Nos últimos quatro anos, a ex-embaixadora dos Estados Unidos na ONU Samantha Power observou de uma sala na Universidade Harvard o governo Trump desfazer vários de seus esforços no principal fórum multilateral do mundo. Para ela, o prejuízo causado pelo ex-presidente “é quase imensurável” e vai além de “danos óbvios” em abandonar por anos o Acordo de Paris ou o acordo com o Irã.

— Mais do que isso, o que Trump fez foi gerar em todo o mundo dúvidas reais sobre se os EUA são confiáveis — disse Power, em entrevista ao GLOBO nesta semana. Para ela, os países agora pensarão duas vezes no risco político de negociar com o país algo que poderá ser desfeito em quatro anos pelo próprio Trump ou por “Trump Jr.”.

Power diz acreditar, contudo, que mesmo os governos que eram próximos a Trump, como o de Jair Bolsonaro, e que não gostaram da mudança em Washington, “vão achar benéfico trabalhar com um país que é competente de novo”.

— Independentemente do "bromance" entre Bolsonaro e Trump, para a população brasileira e para outros funcionários que trabalham no governo brasileiro era muito difícil, porque (…) era uma relação completamente imprevisível.

Indicada por Joe Biden para assumir a USAid, agência que coordena a ajuda americana a outros países, Power lança agora no Brasil seu livro de memórias “A educação de uma idealista”, onde conta o que aprendeu na trajetória de jornalista e ativista de Direitos Humanos a embaixadora nas Nações Unidas. Uma das lições ela promete levar para o novo posto se for confirmada pelo Congresso americano: a de que não é possível fazer tudo sozinho, seja como indivíduo ou país. 

— Acho que o maior aprendizado foi "peça ajuda" — diz. — Ainda mais em tempo de Covid, nós não vamos conseguir passar por isso sozinhos.
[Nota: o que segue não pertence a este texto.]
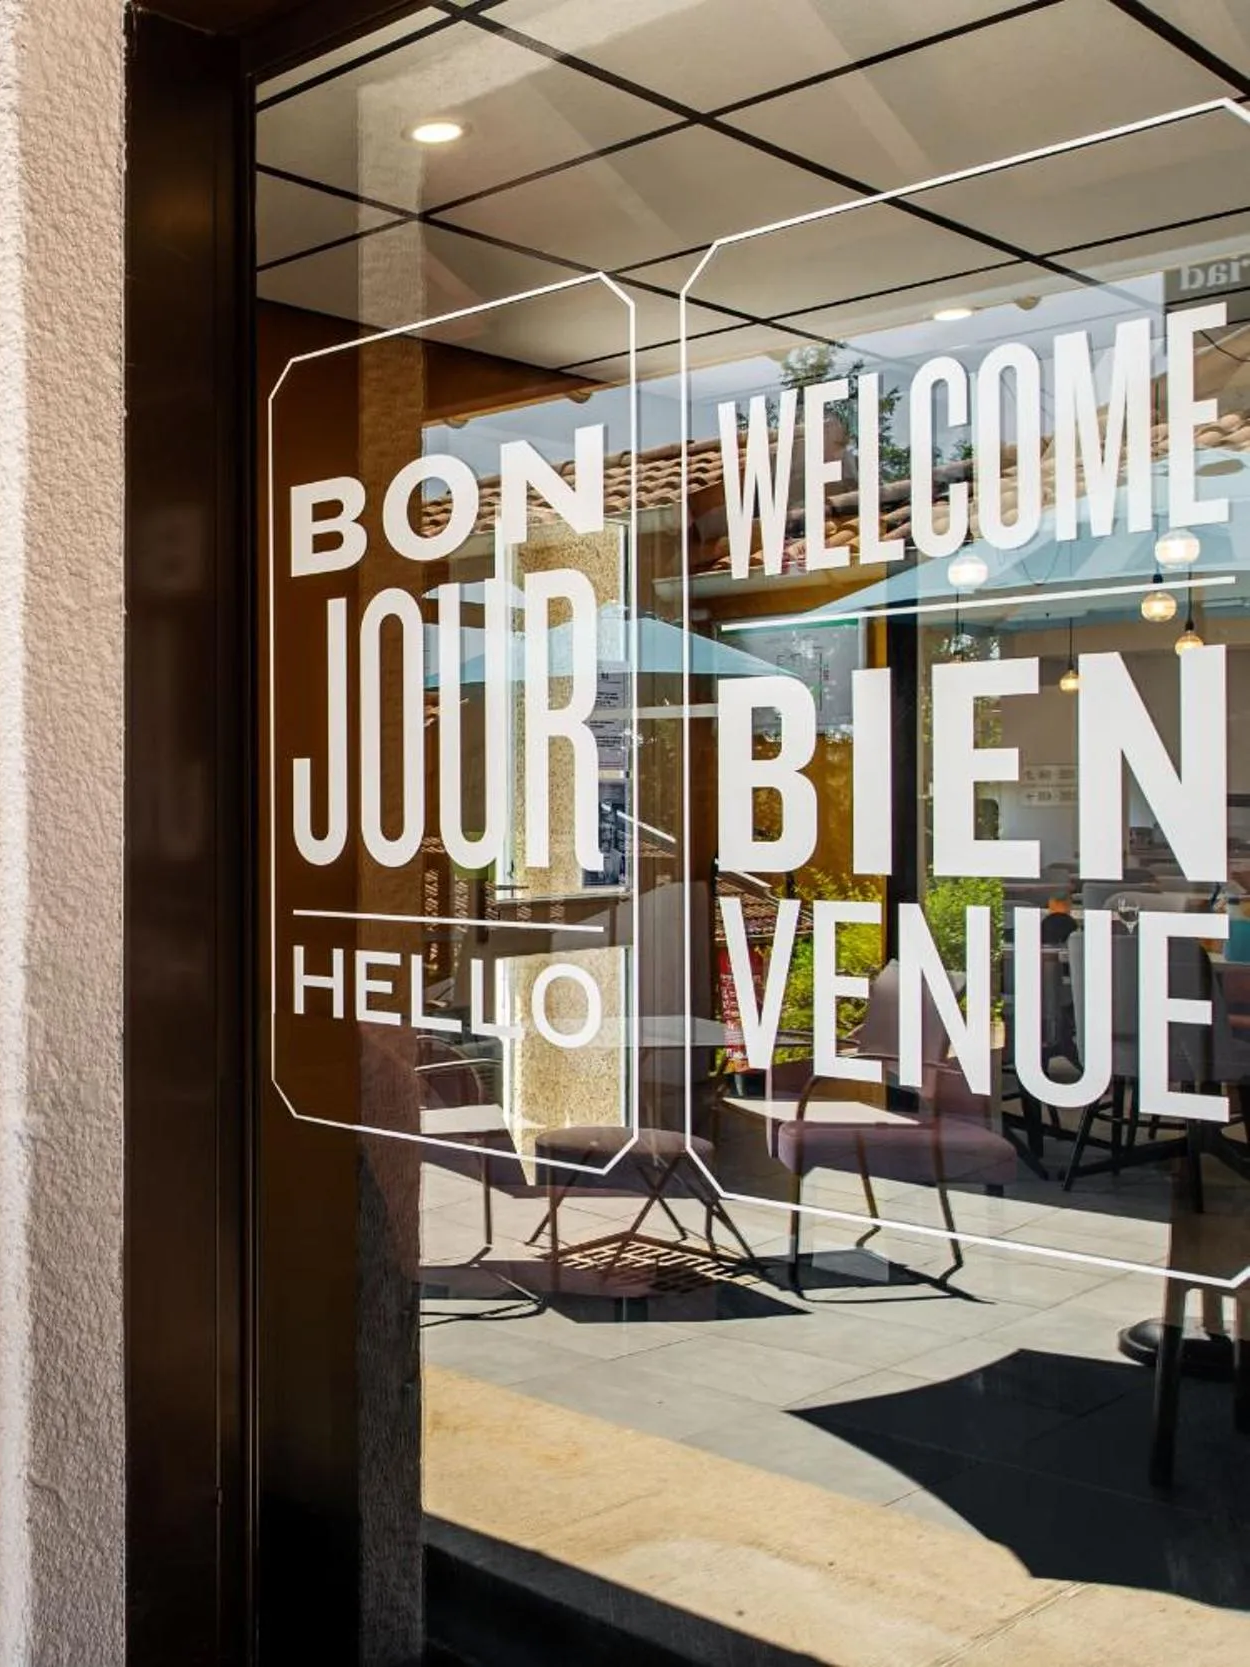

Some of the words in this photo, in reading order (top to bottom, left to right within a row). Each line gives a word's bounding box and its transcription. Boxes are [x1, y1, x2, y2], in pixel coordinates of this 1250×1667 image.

[290, 423, 605, 578] BON
[718, 302, 1230, 580] WELCOME
[293, 567, 604, 871] JOUR
[717, 644, 1227, 882] BIEN
[293, 944, 601, 1048] HELLO
[718, 897, 1230, 1123] VENUE
No seu livro, você fala sobre como era questionada, quando entrou para o governo Obama, sobre as diferenças entre a “velha Samantha”, uma idealista “outsider”, que criticava posições americanas sobre direitos humanos, e a “nova Samantha”, que fazia parte do governo. O que a Samatha de hoje falaria para as outras duas? 
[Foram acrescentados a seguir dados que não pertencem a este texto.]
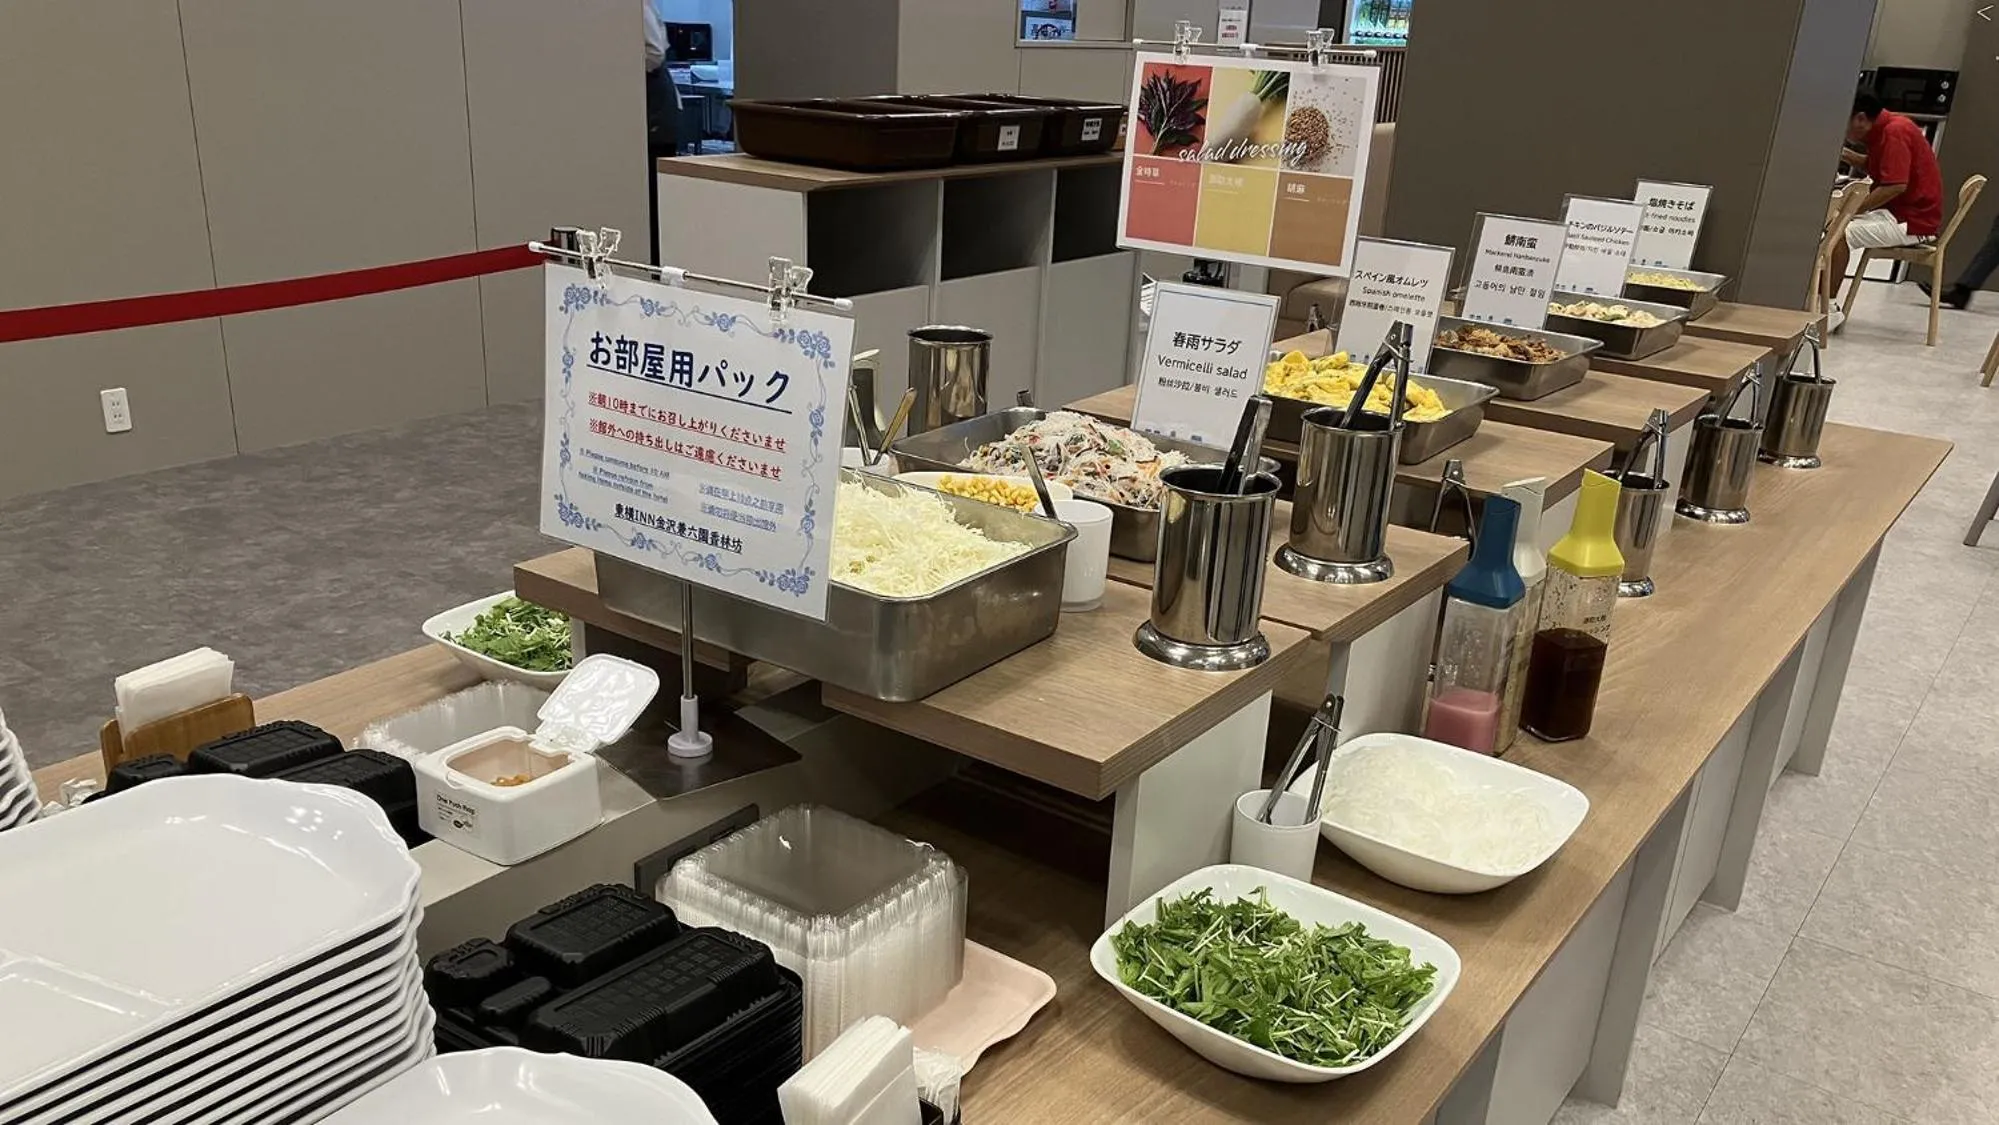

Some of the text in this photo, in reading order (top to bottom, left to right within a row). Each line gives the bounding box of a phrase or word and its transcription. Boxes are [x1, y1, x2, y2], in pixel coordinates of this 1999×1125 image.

[1179, 138, 1307, 168] salad dressing
[1354, 269, 1429, 289] スペイン風オムレツ
[1362, 286, 1426, 303] Spanish omelette
[1172, 330, 1242, 355] 春雨サラダ
[589, 330, 790, 404] お部屋用パック
[1158, 354, 1248, 380] Vermicelli salad
[588, 391, 787, 452] ※朝10時までにお召し上がりくださいませ
[589, 417, 783, 480] ※館外への持ち出しはご遠慮くださいませ
[614, 502, 743, 554] 東横INN金沢兼六園香林坊
Diria que as pessoas da minha idade, por muito tempo, davam como garantidas a saúde e a sobrevivência da democracia, e que nós não podemos nunca mais ser comodistas com as coisas que damos como certo. Agora [com Trump] vimos que as coisas podem se tornar piores. Hoje há um contexto entre um modelo democrático e um muito mais autoritário, e ele está acontecendo em todo o mundo. Essas forças obscuras estão em todos os nossos países: pessoas que não acreditam em direitos humanos, ou acreditam que os direitos humanos são chatos.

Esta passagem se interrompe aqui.